→ **Exercise brief**
In your copy, set down the entries exactly and exclude the pictures.

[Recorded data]
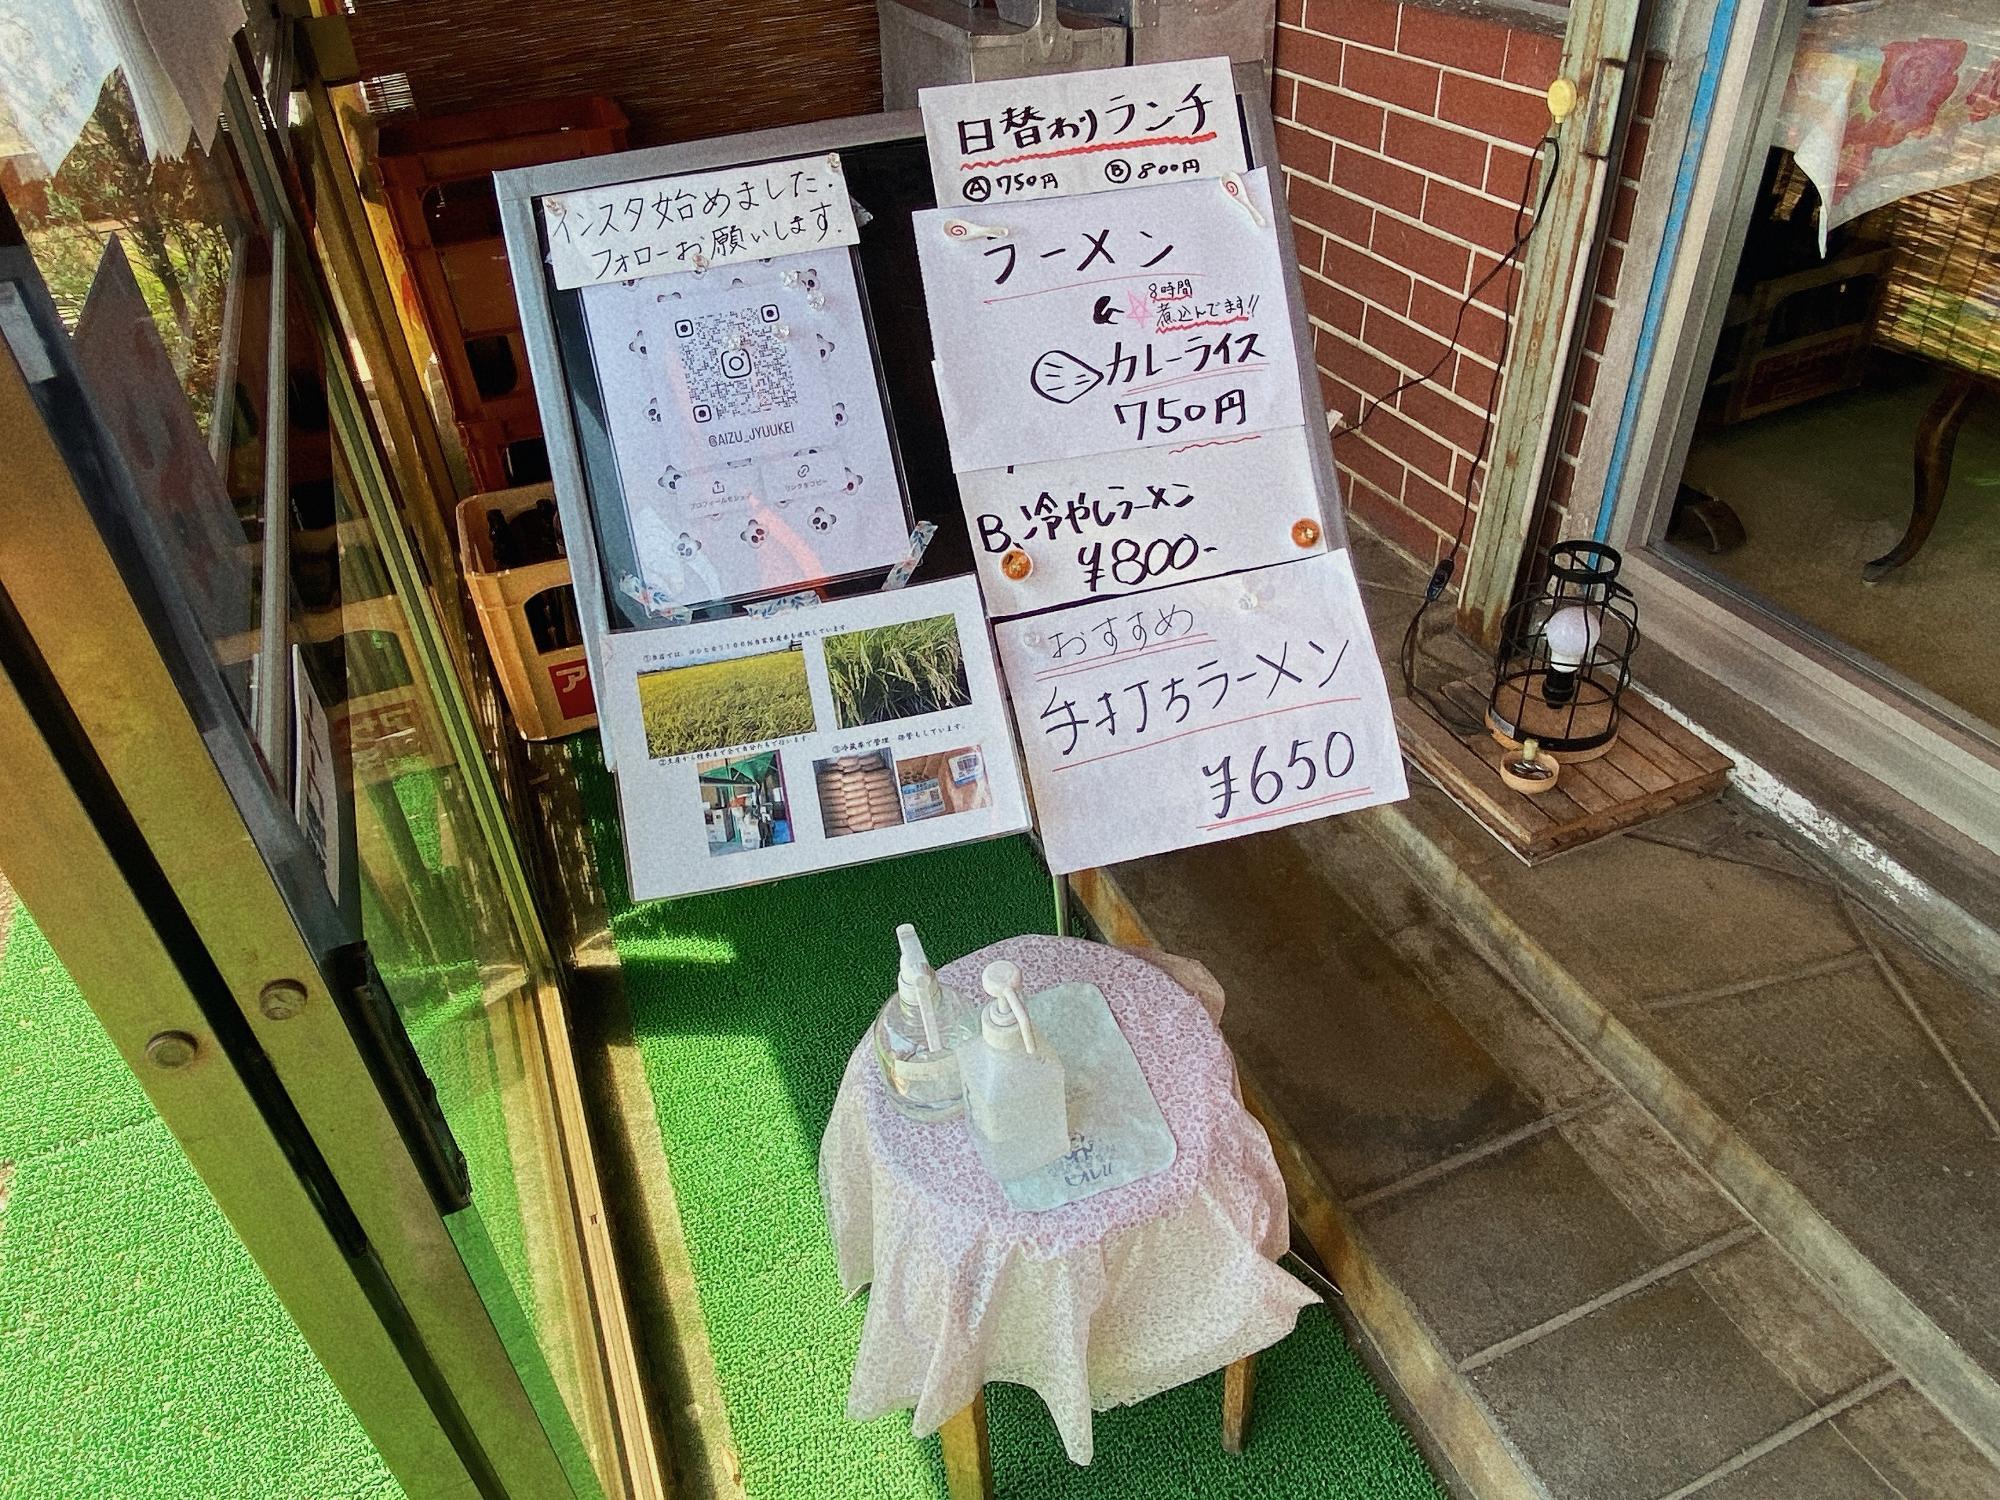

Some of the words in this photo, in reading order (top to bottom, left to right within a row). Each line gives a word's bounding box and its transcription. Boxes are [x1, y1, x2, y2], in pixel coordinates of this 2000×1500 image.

[957, 83, 1213, 155] 日替わりランチ
[984, 229, 1174, 285] ラーメン
[1148, 278, 1193, 299] 8時間
[1106, 332, 1266, 386] カレーライス
[708, 421, 796, 448] @AIZU_JYUUKEI
[1113, 388, 1247, 441] 750円
[1048, 604, 1195, 660] おすすめ
[1040, 639, 1350, 757] 手打ちラーメン
[1201, 731, 1356, 819] ¥650
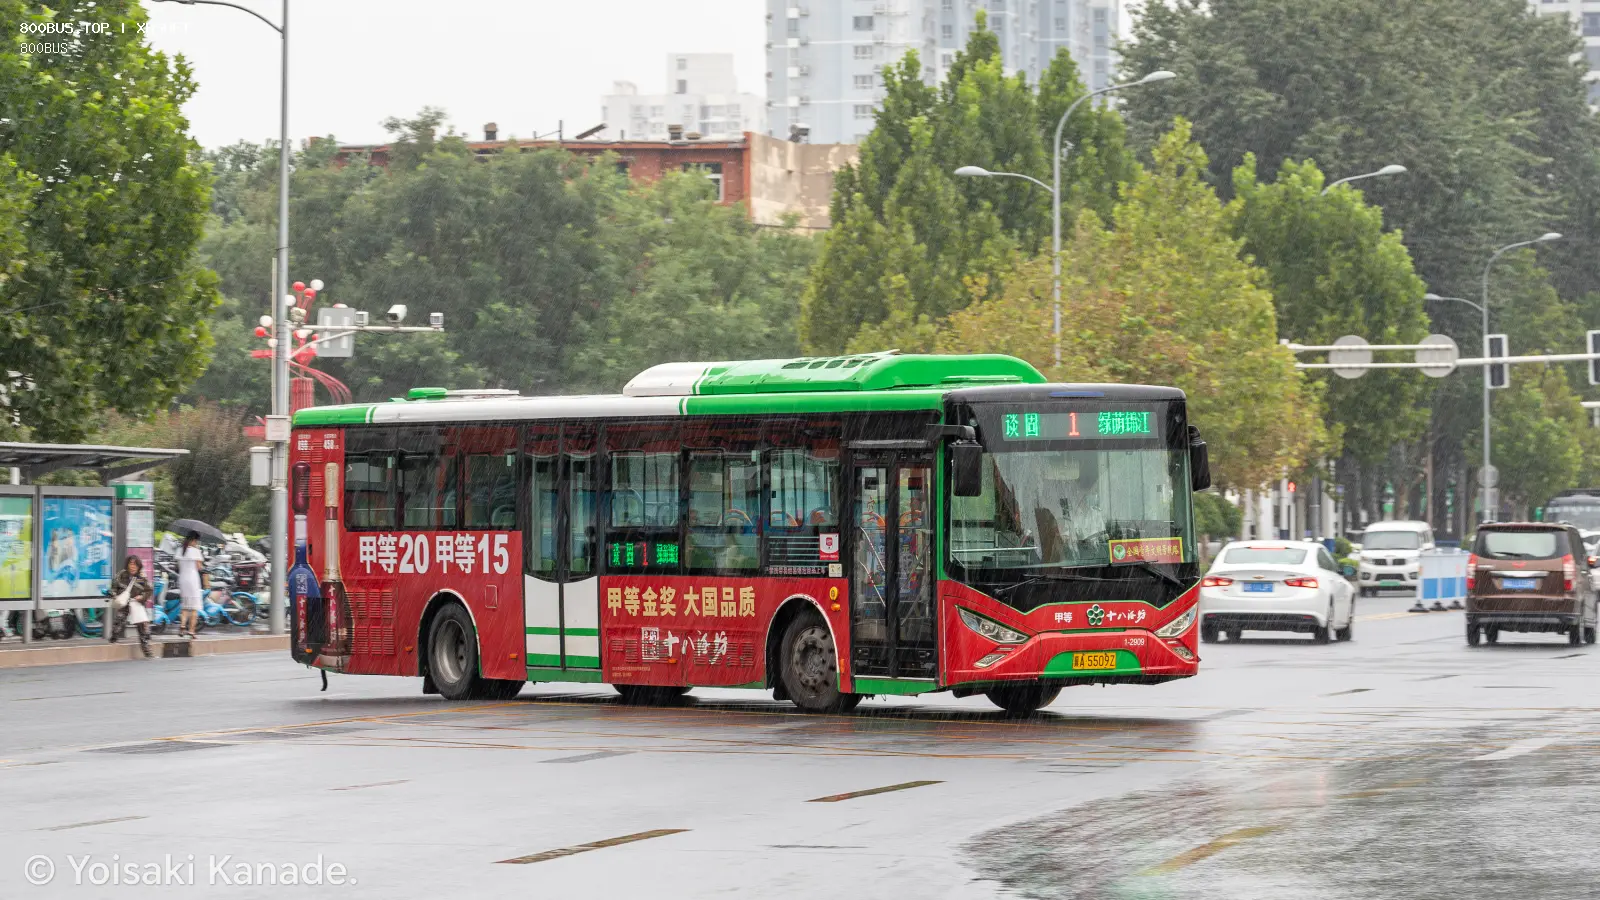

→ **Task solution**
Some of the words in this photo, in reading order (top to bottom, left to right within a row). Each line gives a word's bounding box and its transcription. Boxes are [x1, y1, x2, y2], in pixel coordinates of this 2000×1500 image.

[957, 83, 1213, 155] 日替わりランチ
[984, 229, 1174, 285] ラーメン
[1148, 278, 1193, 299] 8時間
[1106, 332, 1266, 386] カレーライス
[708, 421, 796, 448] @AIZU_JYUUKEI
[1113, 388, 1247, 441] 750円
[1048, 604, 1195, 660] おすすめ
[1040, 639, 1350, 757] 手打ちラーメン
[1201, 731, 1356, 819] ¥650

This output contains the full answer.